A desigualdade do acesso às plataformas digitais em muitas comunidades - onde a conexão com a internet pode ser precária - impede que essas pessoas fiquem bem-informadas e limita sua participação ativa no cenário político. Isso reduz o alcance das campanhas e dificulta a comunicação entre os candidatos e eleitores indígenas. Além disso, algumas das comunidades que já possuem o acesso a essas redes, ainda carecem de educação digital e são constantemente afetadas pela desinformação.
Segundo Ariene Susui, jornalista e ativista indígena do povo Wapichana, é necessário que o Poder Público desenvolva soluções para superar as barreiras que limitam o acesso das comunidades às mídias digitais, e também forneça educação digital para que esse acesso não seja prejudicial.

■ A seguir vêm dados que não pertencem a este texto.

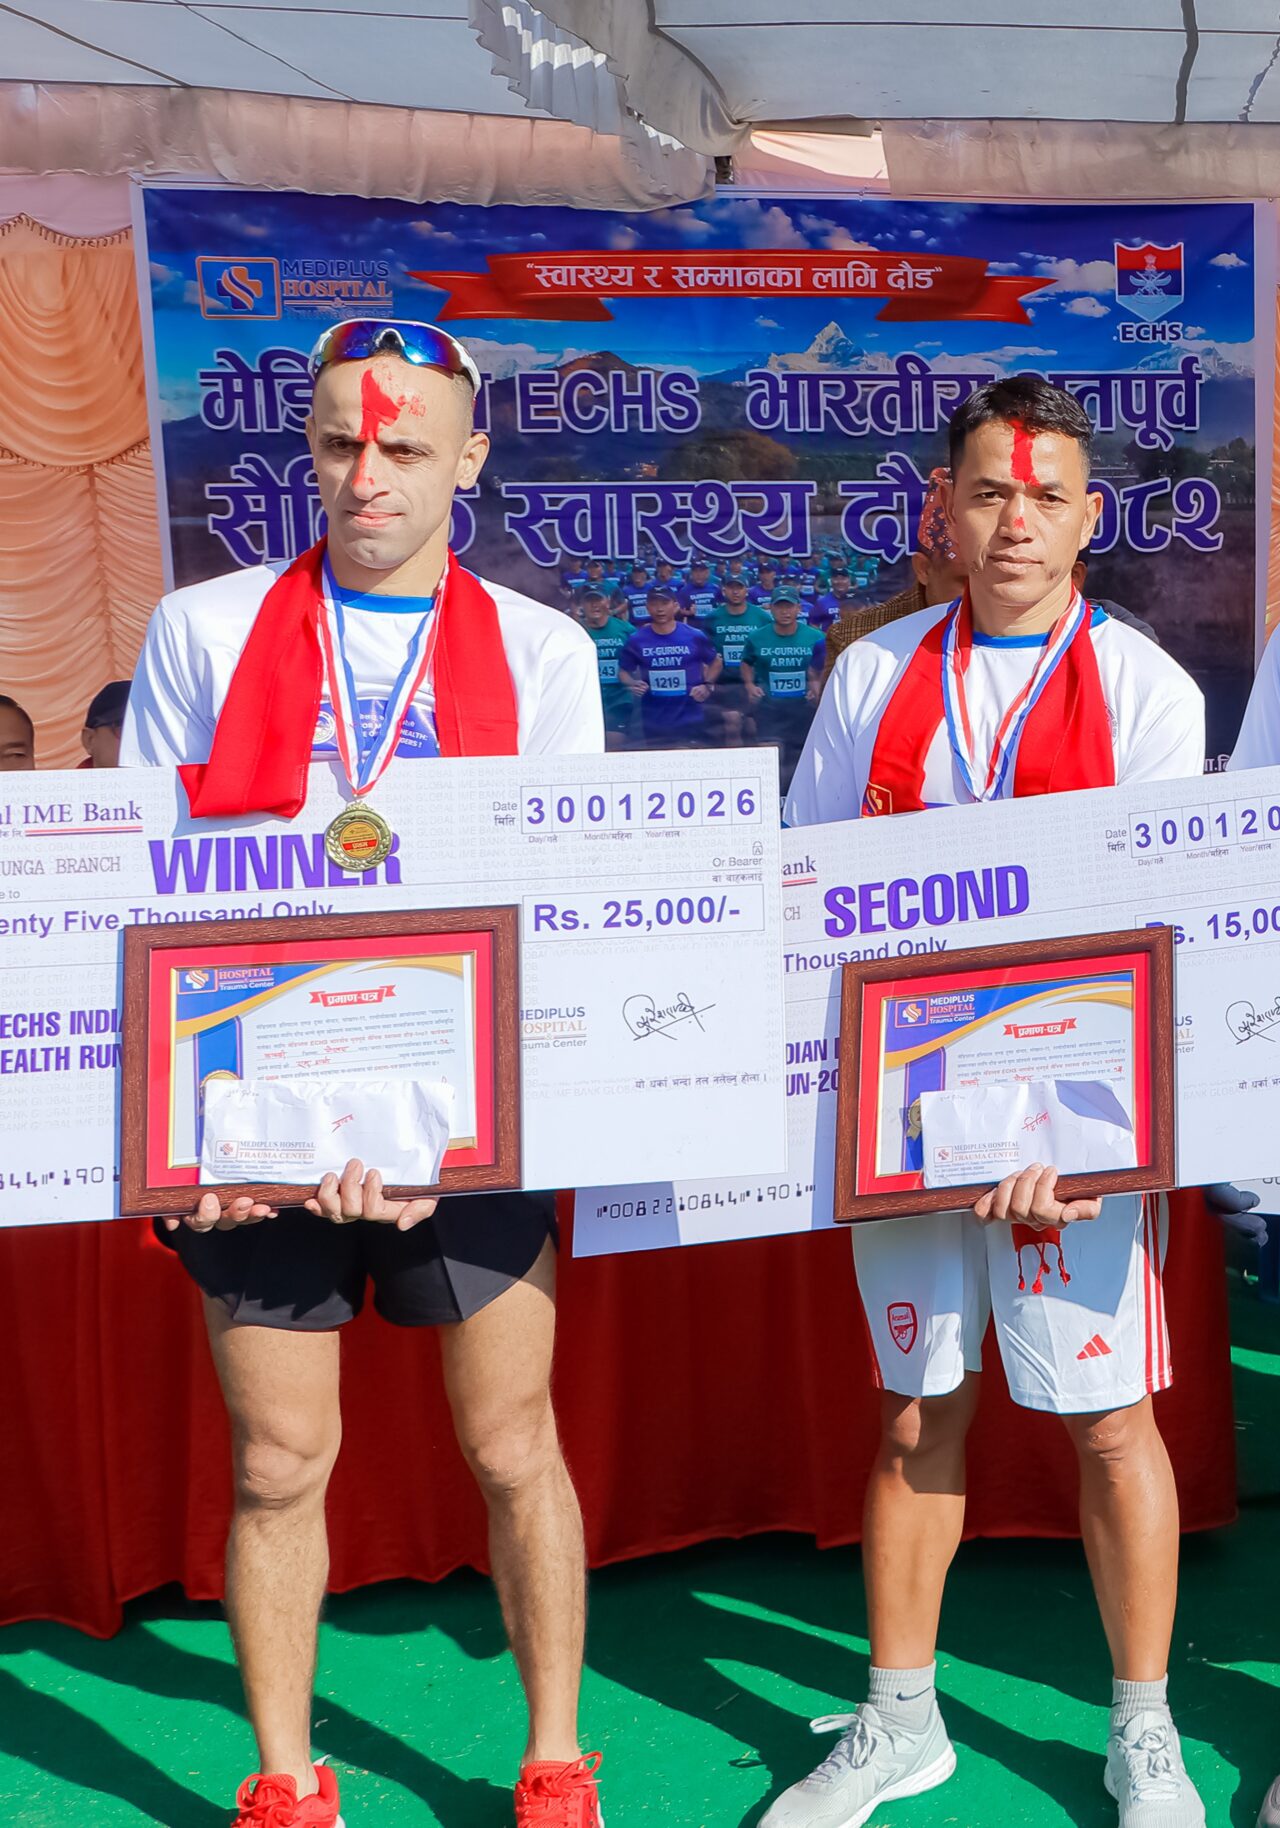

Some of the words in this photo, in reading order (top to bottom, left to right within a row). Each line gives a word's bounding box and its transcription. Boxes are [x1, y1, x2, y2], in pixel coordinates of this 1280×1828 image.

[282, 259, 389, 277] MEDIPLUS
[643, 266, 664, 288] र
[671, 266, 803, 288] सम्मानका
[811, 261, 879, 289] लागि
[282, 280, 393, 298] HOSPITAL
[1118, 322, 1182, 343] ECHS
[517, 370, 700, 435] ECHS
[504, 479, 817, 568] स्वास्थ्य
[642, 646, 690, 657] EX-GURKHA
[761, 647, 812, 656] EX-GURKHA
[651, 657, 683, 667] ARMY
[770, 657, 803, 667] ARMY
[655, 677, 680, 689] 1219
[774, 678, 801, 689] 1750
[492, 800, 518, 811] Date
[23, 803, 74, 825] IME
[83, 801, 143, 822] Bank
[494, 813, 516, 827] मिति
[1105, 828, 1127, 840] Date
[55, 856, 121, 874] BRANCH
[712, 857, 727, 868] Or
[728, 855, 763, 867] Bearer
[782, 855, 817, 876] ank
[823, 865, 1030, 938] SECOND
[64, 909, 120, 932] Five
[129, 903, 268, 928] Thousand
[272, 899, 335, 917] Only
[534, 903, 590, 932] Rs.
[603, 895, 741, 932] 25,000/-
[783, 942, 889, 972] Thousand
[896, 936, 948, 957] Only
[219, 968, 274, 981] HOSPITAL
[219, 983, 249, 991] Trauma
[249, 980, 275, 989] Center
[325, 991, 379, 1007] प्रमाण-पत्र
[930, 995, 975, 1005] MEDIPLUS
[929, 1003, 976, 1013] HOSPITAL
[0, 1011, 61, 1039] ECHS
[929, 1017, 953, 1025] Trauma
[953, 1014, 976, 1023] Center
[523, 1020, 587, 1035] OSPITAL
[1017, 1023, 1062, 1037] प्रमाण-पत्र
[553, 1038, 587, 1049] Center
[0, 1046, 71, 1075] EALTH
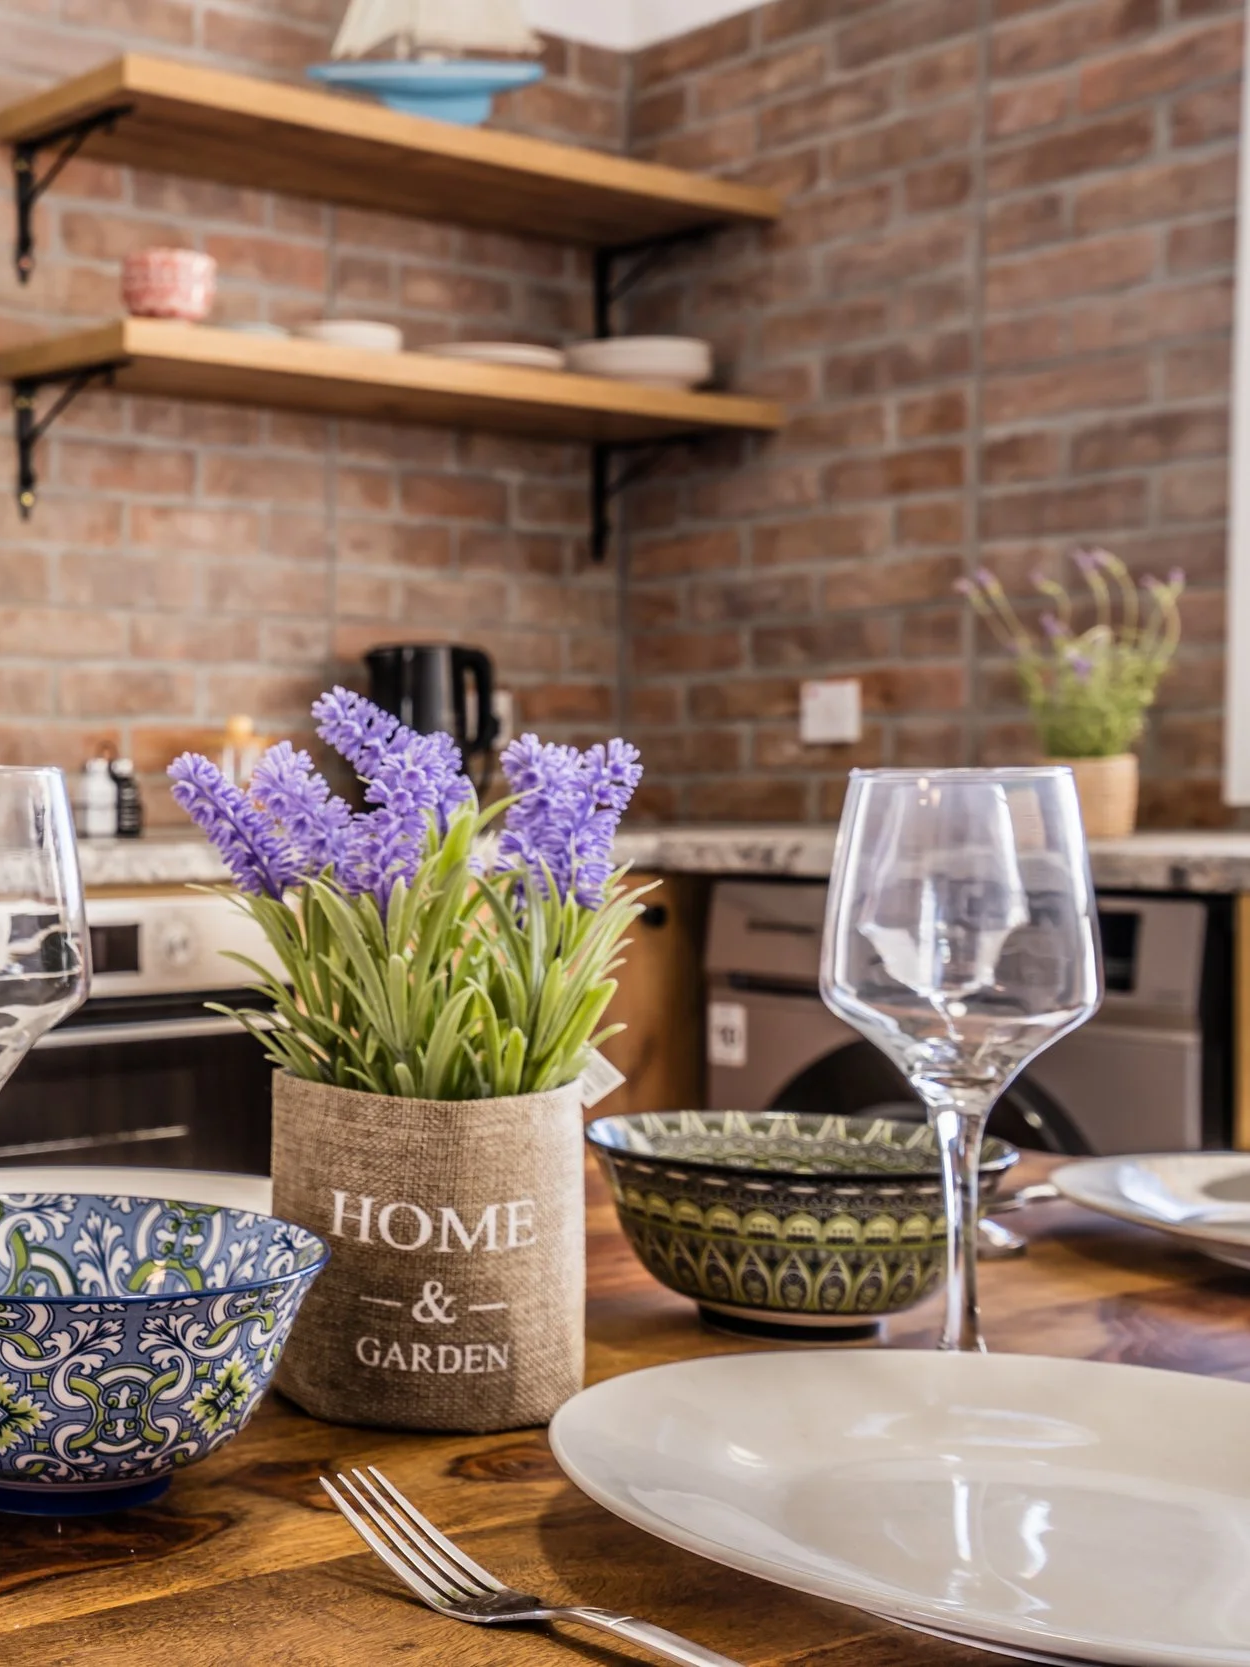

“Quando a gente fala de acesso, a gente também fala de educação, e quando a gente fala de educação, a gente fala de políticas públicas. Isso tem que ser um plano conjunto. E existe também outro ponto que não é só o acesso, é também a questão de educação para esse acesso. É de ter uma preparação pra que os povos indígenas tenham junto com acesso a educação digital e que isso seja discutido de uma forma séria com o Poder Público, porque a internet tem seu lado bom e seu lado ruim”, diz Ariene.

Além disso, ela destaca que a desinformação chega nas comunidades da mesma forma que chega para a sociedade no geral, porém, acaba se espalhando rapidamente, impactando de forma muito negativa os indivíduos.
“A partir de quando chega nas comunidades indígenas a desinformação, ocasiona sérios problemas. Na época da Covid-19 muitas pessoas não queriam se vacinar, é um processo que chega pelo WhatsApp, pelo Facebook, pelo Instagram. Isso tem um impacto muito grande na comunidade porque tem um contexto social que tem bastante proximidade. Então, quando tem uma desinformação, ela acaba se expandido um pouco mais rápido.”
Ariene, ainda, ressalta o trabalho de comunicadores e jornalistas indígenas nesse processo de combate.
“Hoje os comunicadores e jornalistas indígenas têm trabalhado muito em cima disso. Em levar conteúdo, em falar sobre propostas de leis. E isso tem sido fundamental nos territórios. […] De falar também nas línguas indígenas. Porque as comunidades indígenas hoje falam nas suas línguas, então também tem essa dificuldade de elas terem acesso às informações nas suas línguas, delas poderem ouvir as informações nas suas línguas.”
A desinformação oriunda do meio digital acaba sendo um dos principais desafios para os candidatos indígenas.
Início de um novo cenário político
Mesmo com os desafios apresentados, as mídias digitais continuam realizando mudanças no cenário político brasileiro possibilitando a presença indígena nesse âmbito. À medida em que líderes indígenas acessam essas plataformas, e aprimoram suas estratégias e campanhas, é esperado que cada vez mais candidatos consigam se eleger para lutar a favor dos seus direitos, que foram negados por anos. A era digital, portanto, oferece um futuro promissor para essa representatividade que ainda é pequena, mas pode se tornar maior ao longo do tempo.